● **Task item**
All entries must be transcribed without a single difference.

++++ Task input ++++

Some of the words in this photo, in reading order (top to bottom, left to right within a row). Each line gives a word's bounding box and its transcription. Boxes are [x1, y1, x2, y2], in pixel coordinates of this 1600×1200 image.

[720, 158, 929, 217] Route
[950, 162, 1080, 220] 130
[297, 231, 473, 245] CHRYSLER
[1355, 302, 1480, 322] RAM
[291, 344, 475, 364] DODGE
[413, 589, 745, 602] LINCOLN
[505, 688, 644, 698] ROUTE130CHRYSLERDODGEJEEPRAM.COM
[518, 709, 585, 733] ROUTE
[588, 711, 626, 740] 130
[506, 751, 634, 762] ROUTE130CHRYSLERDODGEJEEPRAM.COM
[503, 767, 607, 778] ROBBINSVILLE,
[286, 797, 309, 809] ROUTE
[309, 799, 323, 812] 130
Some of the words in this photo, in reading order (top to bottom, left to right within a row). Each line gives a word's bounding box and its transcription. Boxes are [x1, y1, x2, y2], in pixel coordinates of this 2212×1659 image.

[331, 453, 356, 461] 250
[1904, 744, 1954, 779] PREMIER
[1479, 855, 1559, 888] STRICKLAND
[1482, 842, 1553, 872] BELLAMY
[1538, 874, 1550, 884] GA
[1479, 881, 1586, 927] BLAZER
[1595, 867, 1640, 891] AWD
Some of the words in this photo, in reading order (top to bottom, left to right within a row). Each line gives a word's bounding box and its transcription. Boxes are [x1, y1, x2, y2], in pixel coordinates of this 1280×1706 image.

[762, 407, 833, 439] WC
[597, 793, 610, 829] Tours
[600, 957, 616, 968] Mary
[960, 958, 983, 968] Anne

++++

● **Result of this exercise**
Some of the words in this photo, in reading order (top to bottom, left to right within a row). Each line gives a word's bounding box and its transcription. Boxes are [x1, y1, x2, y2], in pixel coordinates of this 1600×1200 image.

[720, 158, 929, 217] Route
[950, 162, 1080, 220] 130
[297, 231, 473, 245] CHRYSLER
[1355, 302, 1480, 322] RAM
[291, 344, 475, 364] DODGE
[413, 589, 745, 602] LINCOLN
[505, 688, 644, 698] ROUTE130CHRYSLERDODGEJEEPRAM.COM
[518, 709, 585, 733] ROUTE
[588, 711, 626, 740] 130
[506, 751, 634, 762] ROUTE130CHRYSLERDODGEJEEPRAM.COM
[503, 767, 607, 778] ROBBINSVILLE,
[286, 797, 309, 809] ROUTE
[309, 799, 323, 812] 130
Some of the words in this photo, in reading order (top to bottom, left to right within a row). Each line gives a word's bounding box and its transcription. Boxes are [x1, y1, x2, y2], in pixel coordinates of this 2212×1659 image.

[331, 453, 356, 461] 250
[1904, 744, 1954, 779] PREMIER
[1479, 855, 1559, 888] STRICKLAND
[1482, 842, 1553, 872] BELLAMY
[1538, 874, 1550, 884] GA
[1479, 881, 1586, 927] BLAZER
[1595, 867, 1640, 891] AWD
Some of the words in this photo, in reading order (top to bottom, left to right within a row). Each line gives a word's bounding box and its transcription. Boxes are [x1, y1, x2, y2], in pixel coordinates of this 1280×1706 image.

[762, 407, 833, 439] WC
[597, 793, 610, 829] Tours
[600, 957, 616, 968] Mary
[960, 958, 983, 968] Anne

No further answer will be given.